The milestones in patient safety -The Harvard Medical Practice Study I , Study II and Study III


Over the past decade there has been a steady increase in the number of malpractice claims brought against healthcare providers [1,2] and in the monetary damages awarded to plaintiffs [1,3]. This increase has precipitated numerous state programs designed to moderate the number of claims and encourage providers to develop quality of care initiatives [4,5].

It is important to develop more reliable estimates of the incidence of adverse events and negligence in hospitalized patients.An adverse event is defined as an injury caused by medical management (rather than the underlying disease) that prolongs the hospitalization and results in disability at the time of discharge, or both. Negligence is defined as care that has fallen below the standard expected of physicians in their community.

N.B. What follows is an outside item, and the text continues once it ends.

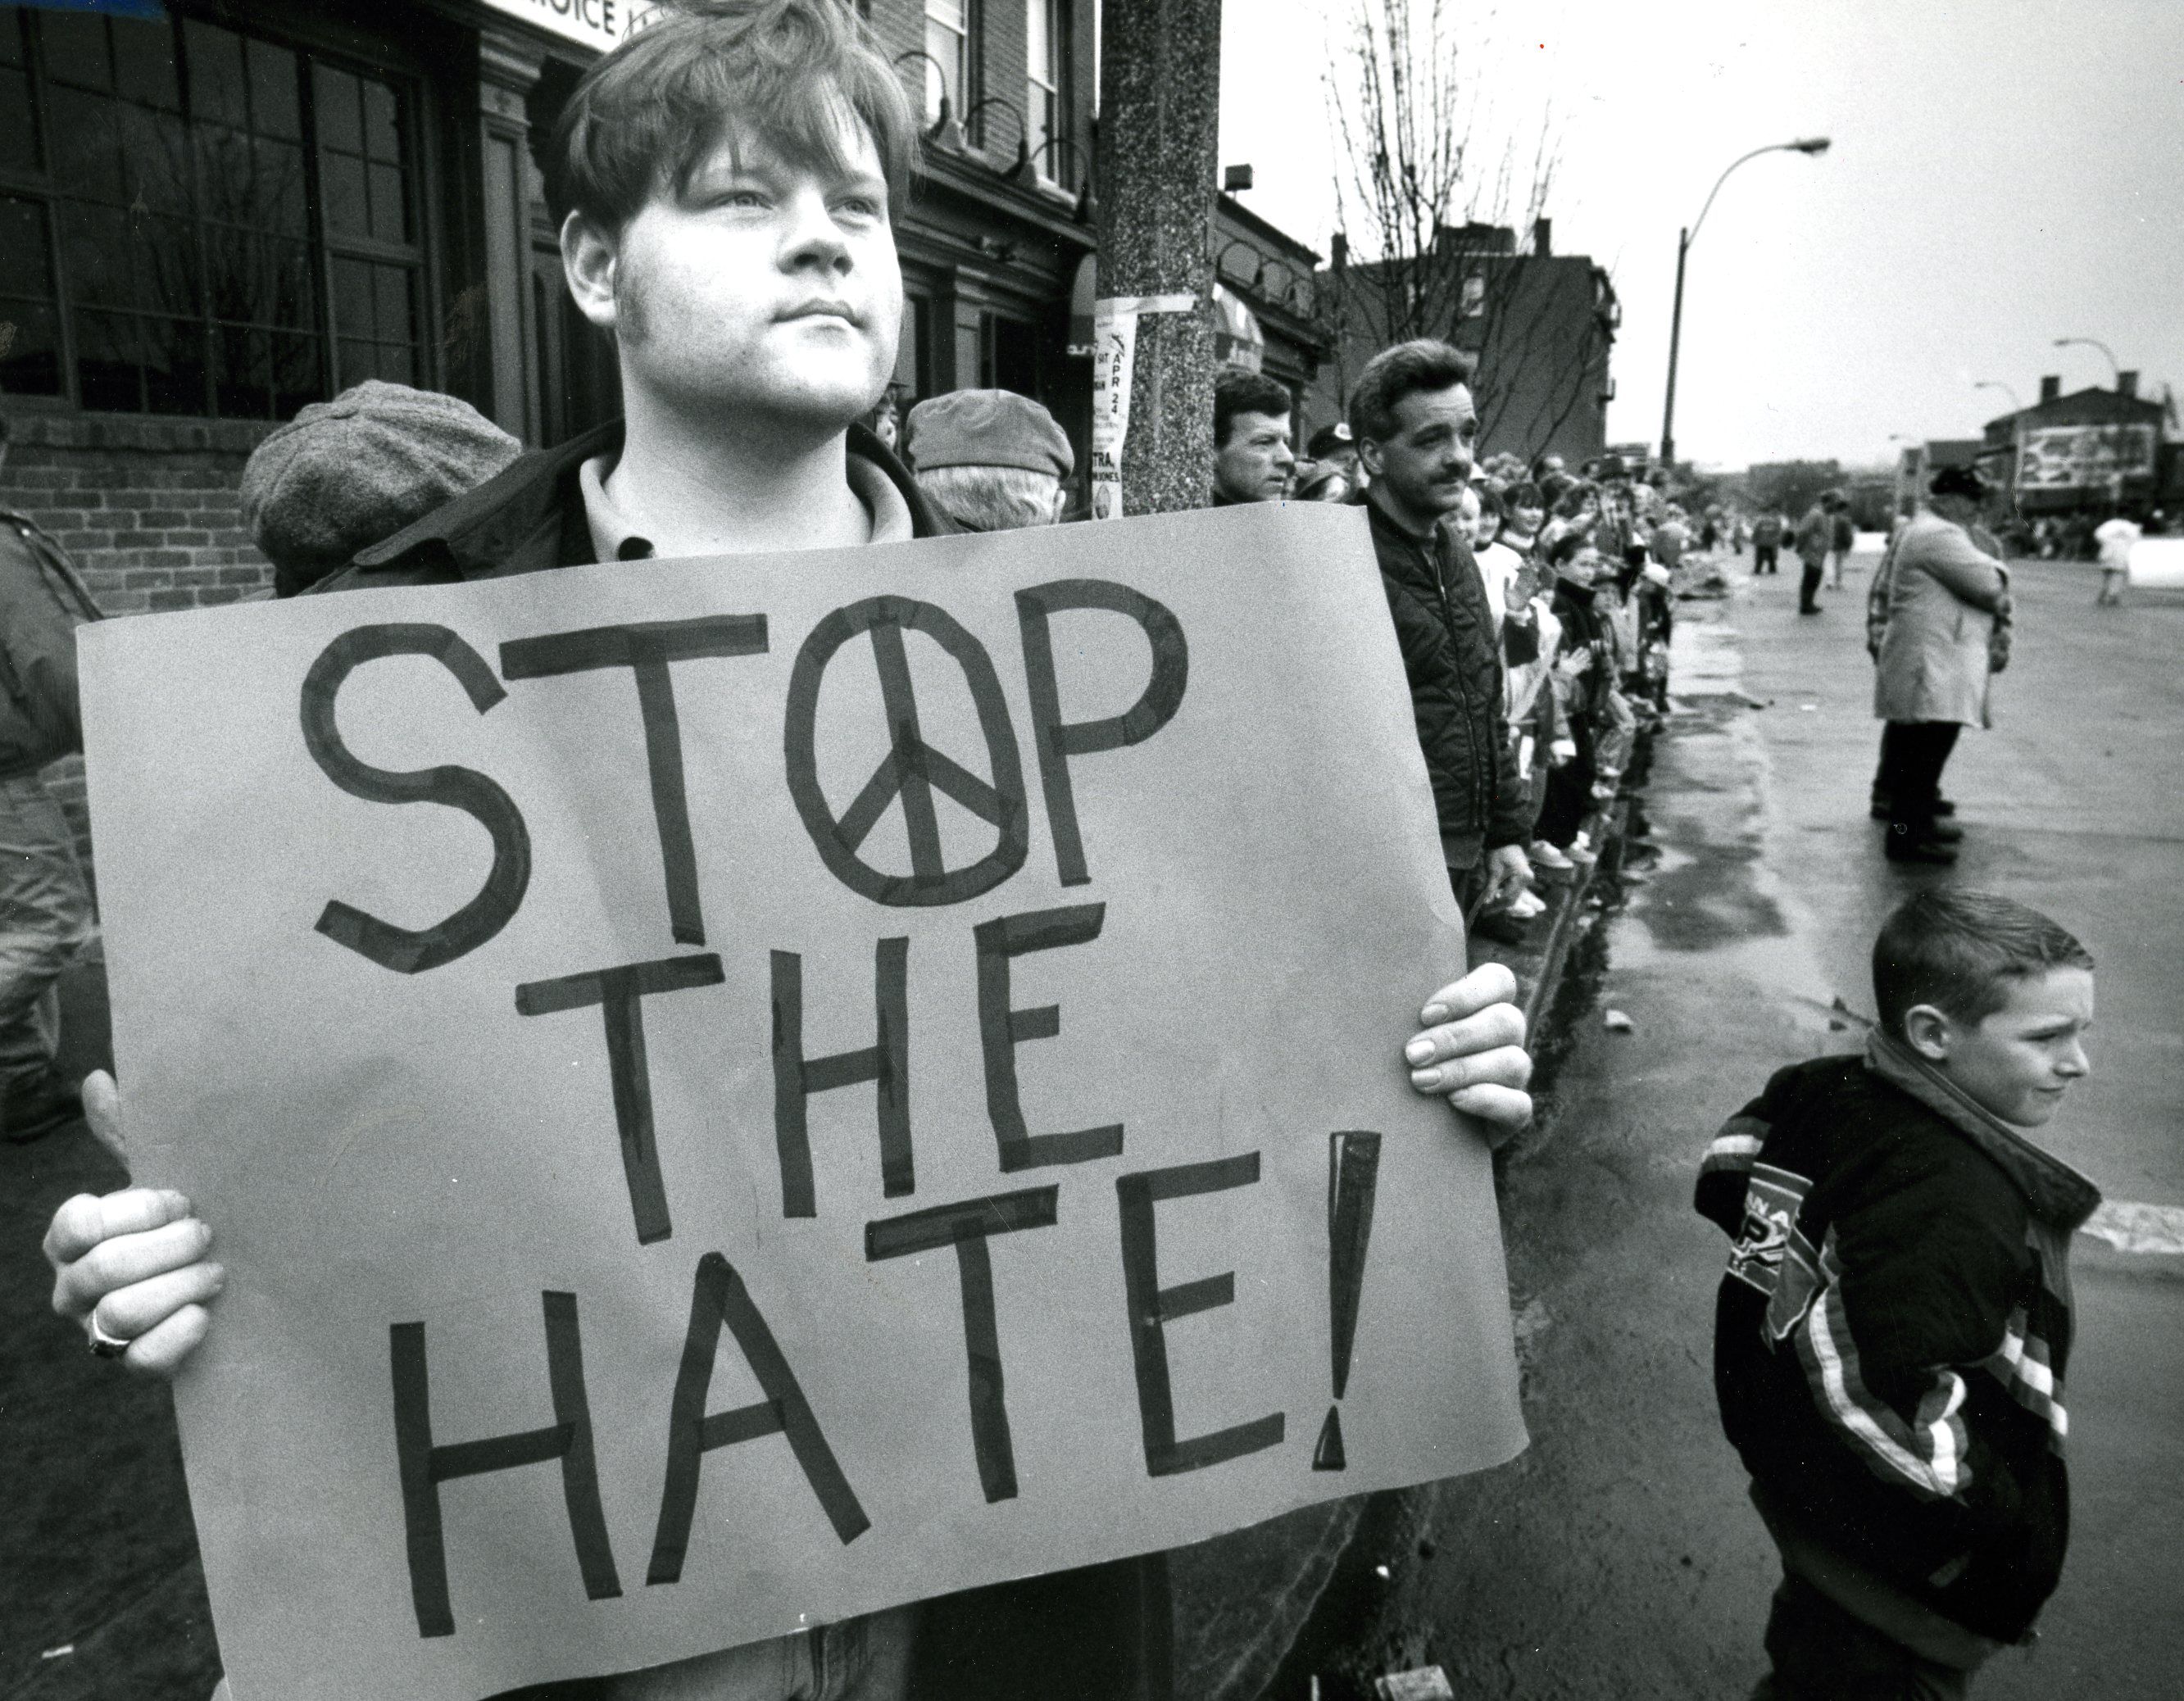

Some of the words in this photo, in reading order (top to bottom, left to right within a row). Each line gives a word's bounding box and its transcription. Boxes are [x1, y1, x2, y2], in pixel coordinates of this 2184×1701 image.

The Harvard Medical Practice Study (HMPS) was first published in 1991 and was based on 1984 case records of more than 30,000 randomly selected records from 51 randomly selected acute care, nonpsychiatric hospitals.The study attempts to measure the extent of medical malpractice in hospitals in the state of New York, and compare the resulting patterns with the negligence claims actually filed [6-8]. The HMPS reviews randomly selected records with disability injuries caused by medical treatment.To establish that an adverse event or negligence has occurred, it uses as a criterion an average confidence score of four or more (on a six point scale). Data identified are age, sex, and primary discharge diagnosis. The significance of the differences in rates of adverse events and negligence according to sex and age were tested.